MONTPELLIER, France--(BUSINESS WIRE)--MedinCell (Paris:MEDCL):

Kåre Schultz, CEO of Teva, spoke today at the Q1 earnings call of Teva. He gave information following the Complete Respond Letter recently issued by the U.S. FDA about the New Drug Application (NDA) for mdc-IRM.

He first said (extract from the earnings call):

“We communicated some weeks ago that we received a CRL on risperidone LAI. So, we will be answering the questions that we got from FDA. We expect that this could cause a delay of a refiling with some up to six months and then probably a six-month review period. We still have strong belief in the concept and in the efficacy. So, we still believe to get this product approved, but there will likely be a delay of up to 12 months on it.”

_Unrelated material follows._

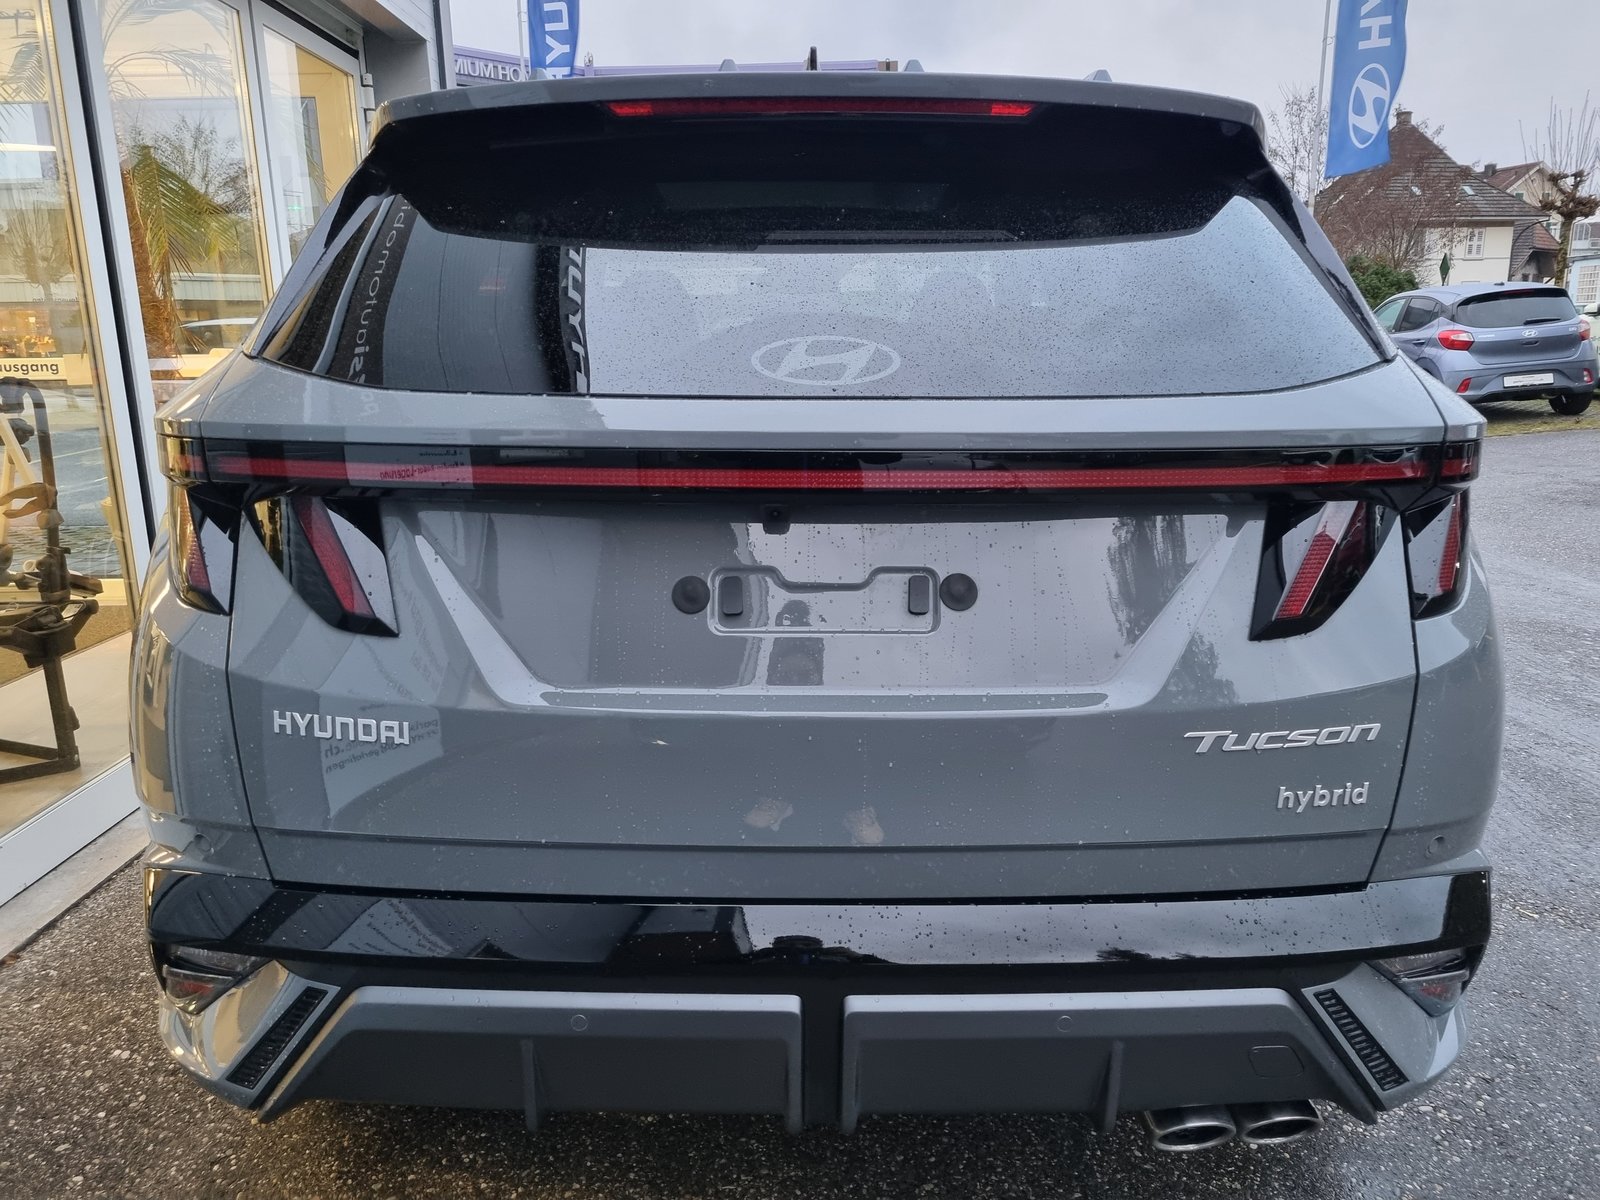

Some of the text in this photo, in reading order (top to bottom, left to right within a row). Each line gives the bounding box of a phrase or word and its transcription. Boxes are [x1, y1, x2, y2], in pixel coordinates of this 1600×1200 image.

[0, 363, 59, 375] usgang
[273, 710, 410, 745] HYUNDAI
[1277, 782, 1369, 813] hybrid

And he added during the Q&A session:

“[about] the CRL, I can't tell you all the details, but I can tell that it has nothing to do with the, you could say efficacy and safety. We have very, very good efficacy data, very good safety data. We are very confident that the principle works very, very well.

“But it's to do with some details around how you could see the whole execution of the clinical trials have been done and some details there which we are confident that we can address and correct and communicate back to FDA within a maximum six months. And then we expect the review time of six months. So, we still have high trust in the fact that we can get the product approved at the end of the day.”